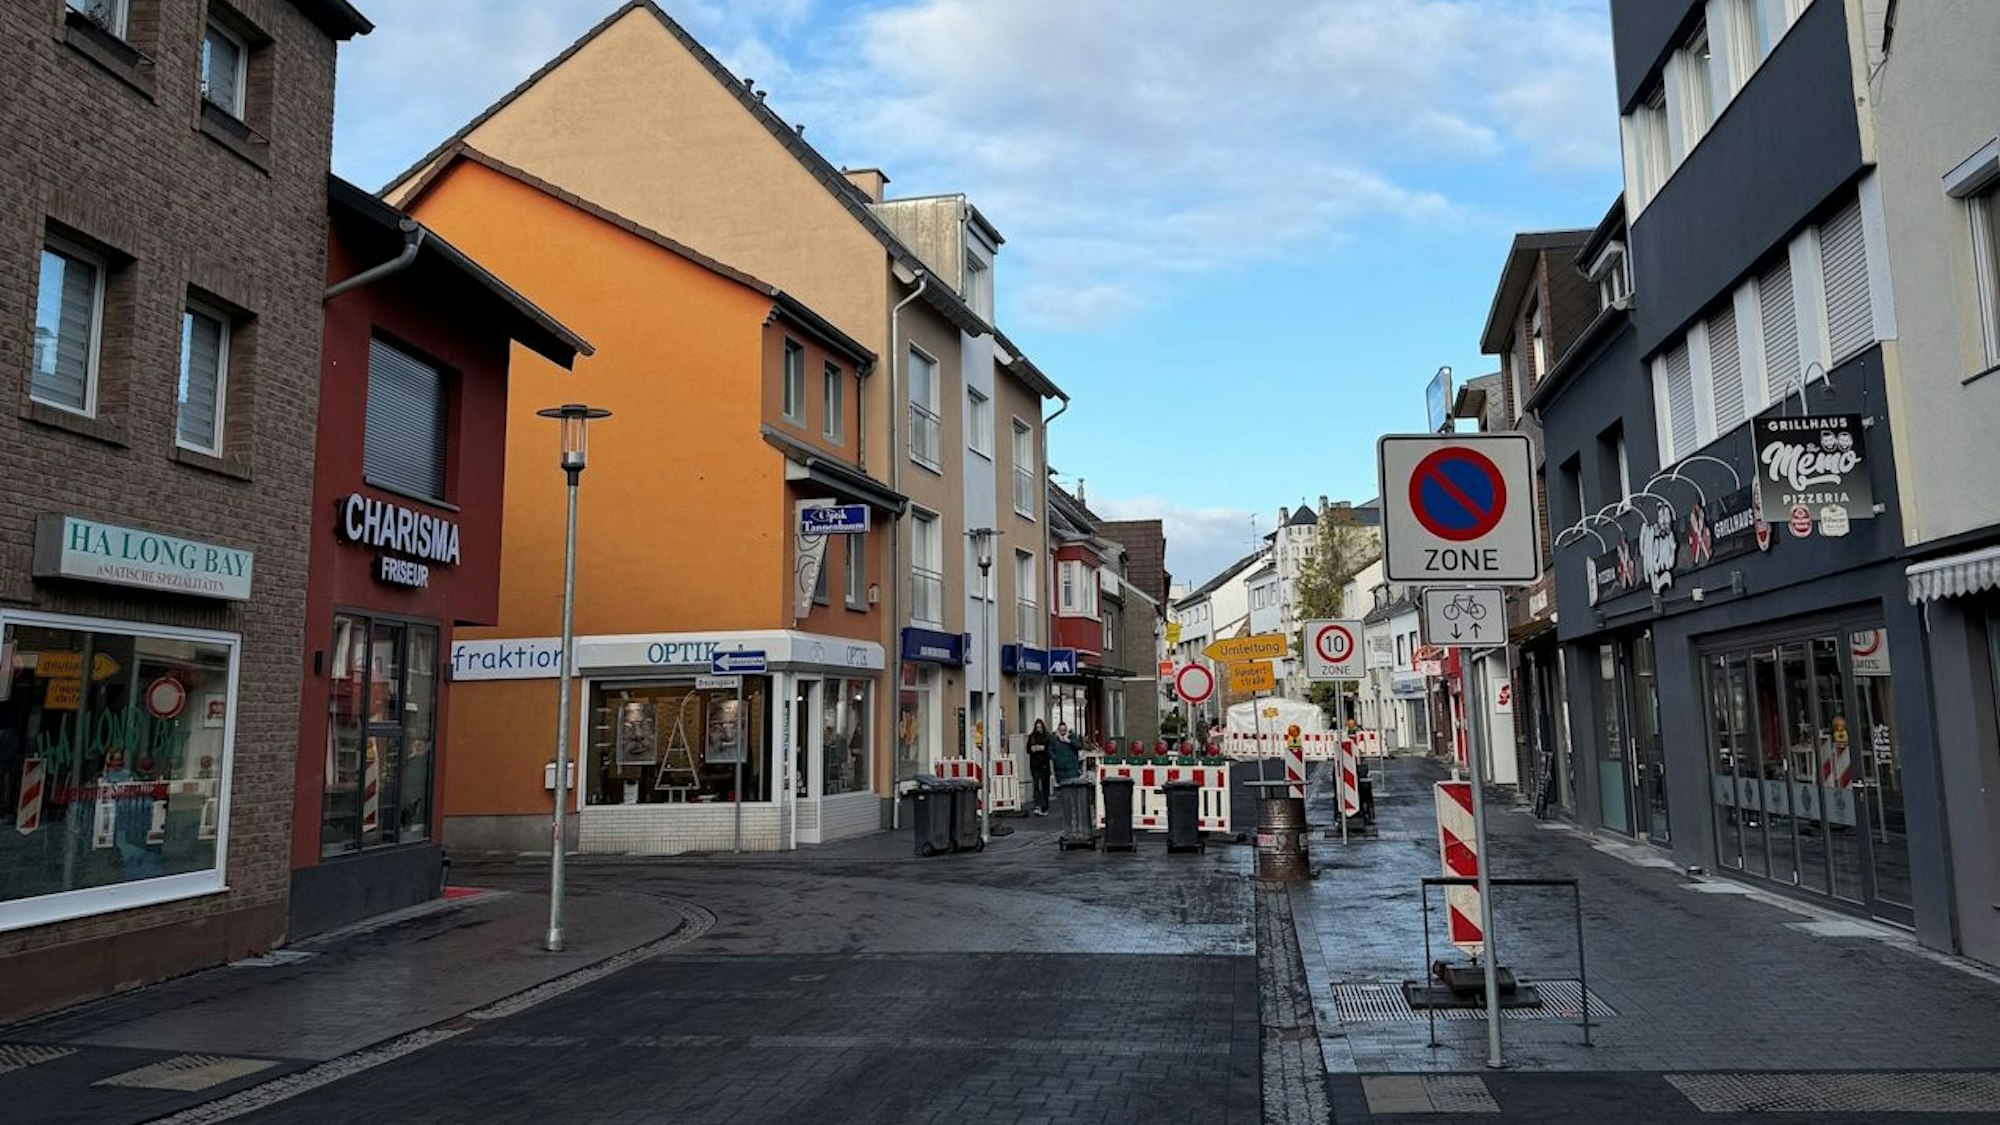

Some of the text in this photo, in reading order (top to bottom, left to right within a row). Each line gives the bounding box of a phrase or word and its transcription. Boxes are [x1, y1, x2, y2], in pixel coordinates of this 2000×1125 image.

[1768, 417, 1848, 431] GRILLHAUS
[1761, 440, 1862, 491] Memo
[1782, 492, 1850, 505] PIZZERIA
[346, 493, 461, 566] CHARISMA
[1714, 507, 1755, 539] GRILLHAUS
[69, 522, 249, 577] HA LONG BAY
[1424, 549, 1500, 571] ZONE
[97, 564, 155, 583] ASIATISCHE
[381, 556, 429, 589] FRISEUR
[647, 642, 720, 663] OPTIK
[1220, 643, 1280, 656] Umleitung
[1325, 635, 1344, 653] 10
[1049, 661, 1071, 673] AXA
[1321, 665, 1350, 676] ZONE
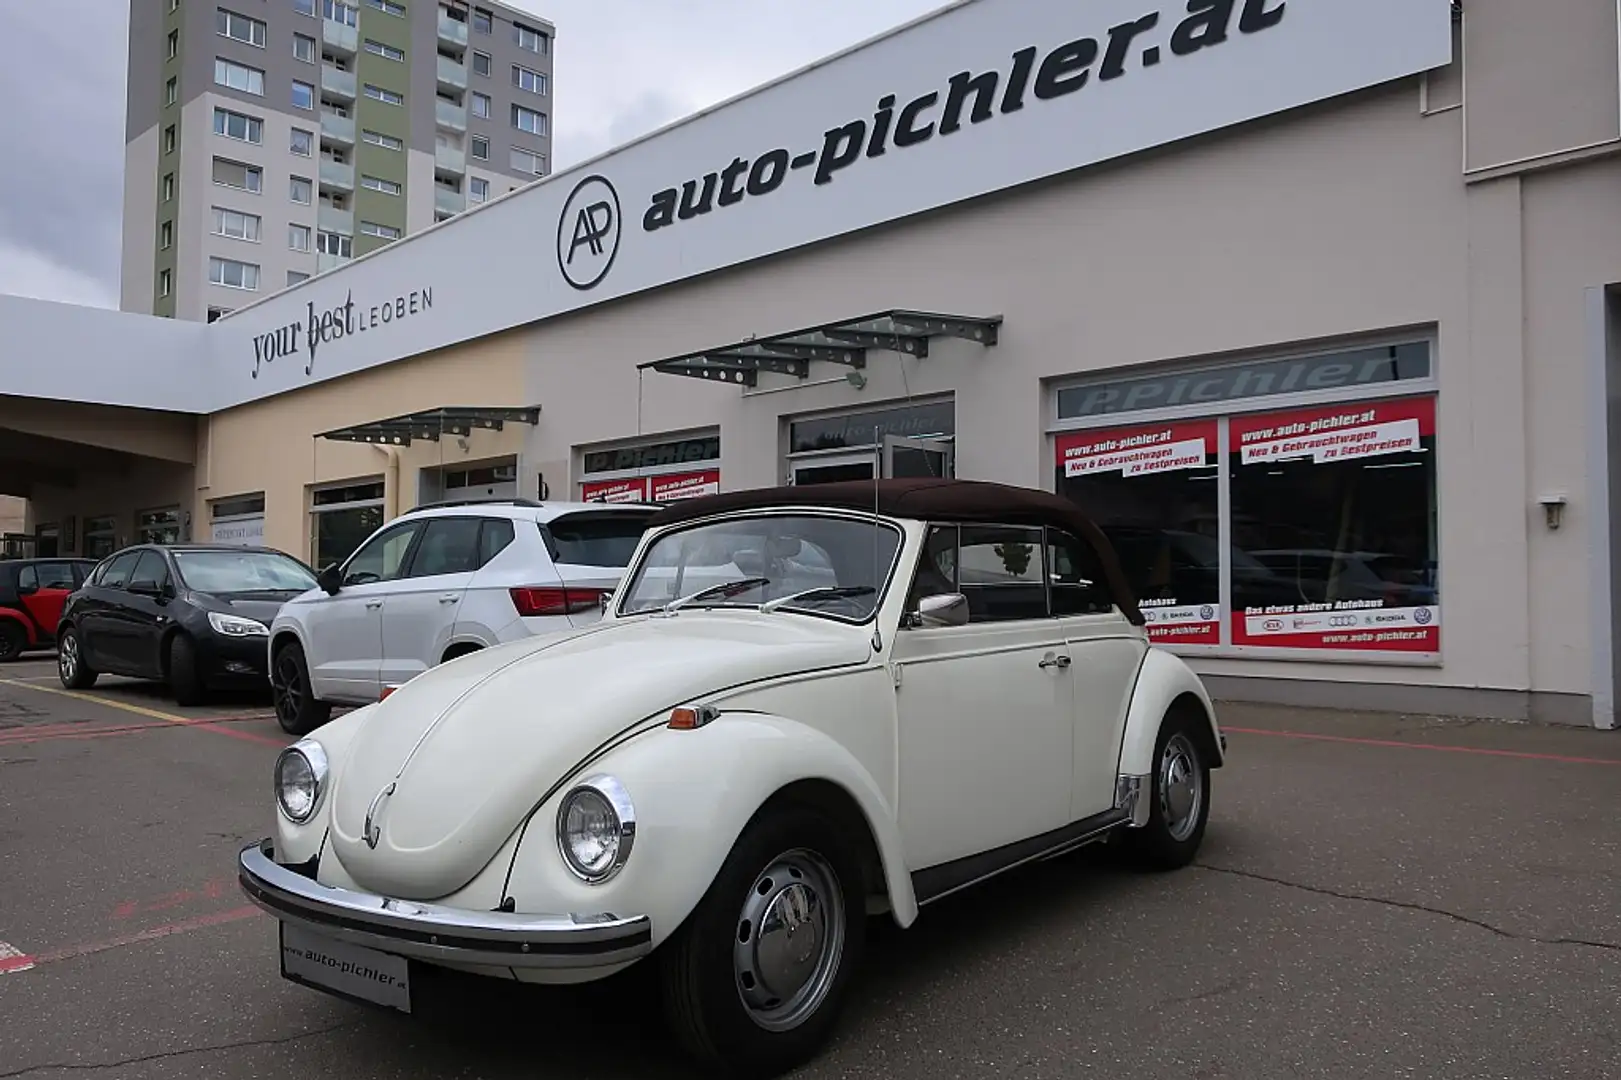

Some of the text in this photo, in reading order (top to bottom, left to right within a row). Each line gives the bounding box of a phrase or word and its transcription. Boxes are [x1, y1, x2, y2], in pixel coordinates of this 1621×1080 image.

[642, 0, 1286, 232] auto-pichler.at
[251, 286, 433, 379] your best LEOBEN
[1065, 429, 1172, 457] www.auto-pichler.at
[1241, 409, 1376, 442] www.auto-pichler.at
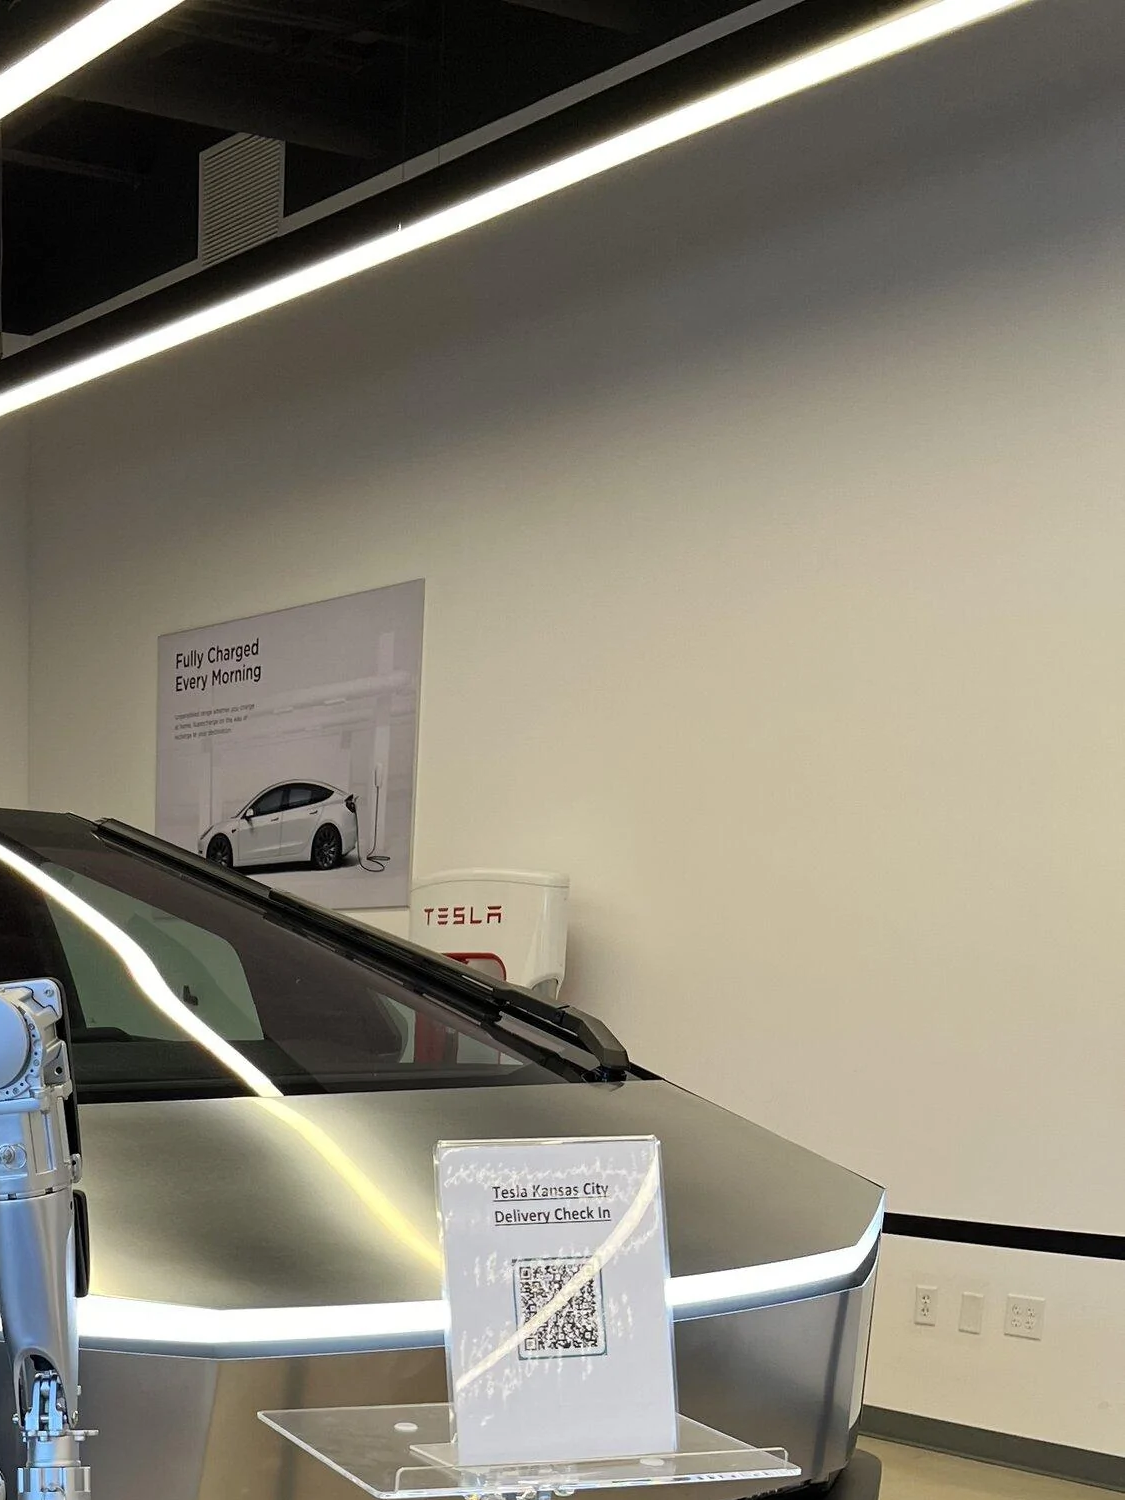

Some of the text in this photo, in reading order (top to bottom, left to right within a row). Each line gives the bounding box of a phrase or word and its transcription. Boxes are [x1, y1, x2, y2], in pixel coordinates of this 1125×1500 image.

[176, 638, 259, 669] Fully Charged
[175, 664, 261, 692] Every Morning
[424, 905, 502, 926] TESLA
[492, 1182, 609, 1199] Tesla Kansas City
[494, 1206, 611, 1224] Delivery Check In
#####
[TASK DIRECTIONS] The answer should be an exact copy of the material, with its pictures removed.

[YOUR RESPONSE]
Some of the text in this photo, in reading order (top to bottom, left to right within a row). Each line gives the bounding box of a phrase or word and its transcription. Boxes are [x1, y1, x2, y2], in pixel coordinates of this 2000×1125 image.

[1768, 417, 1848, 431] GRILLHAUS
[1761, 440, 1862, 491] Memo
[1782, 492, 1850, 505] PIZZERIA
[346, 493, 461, 566] CHARISMA
[1714, 507, 1755, 539] GRILLHAUS
[69, 522, 249, 577] HA LONG BAY
[1424, 549, 1500, 571] ZONE
[97, 564, 155, 583] ASIATISCHE
[381, 556, 429, 589] FRISEUR
[647, 642, 720, 663] OPTIK
[1220, 643, 1280, 656] Umleitung
[1325, 635, 1344, 653] 10
[1049, 661, 1071, 673] AXA
[1321, 665, 1350, 676] ZONE

Some of the text in this photo, in reading order (top to bottom, left to right within a row). Each line gives the bounding box of a phrase or word and its transcription. Boxes are [x1, y1, x2, y2], in pixel coordinates of this 1621×1080 image.

[642, 0, 1286, 232] auto-pichler.at
[251, 286, 433, 379] your best LEOBEN
[1065, 429, 1172, 457] www.auto-pichler.at
[1241, 409, 1376, 442] www.auto-pichler.at

Some of the text in this photo, in reading order (top to bottom, left to right within a row). Each line gives the bounding box of a phrase or word and its transcription. Boxes are [x1, y1, x2, y2], in pixel coordinates of this 1125×1500 image.

[176, 638, 259, 669] Fully Charged
[175, 664, 261, 692] Every Morning
[424, 905, 502, 926] TESLA
[492, 1182, 609, 1199] Tesla Kansas City
[494, 1206, 611, 1224] Delivery Check In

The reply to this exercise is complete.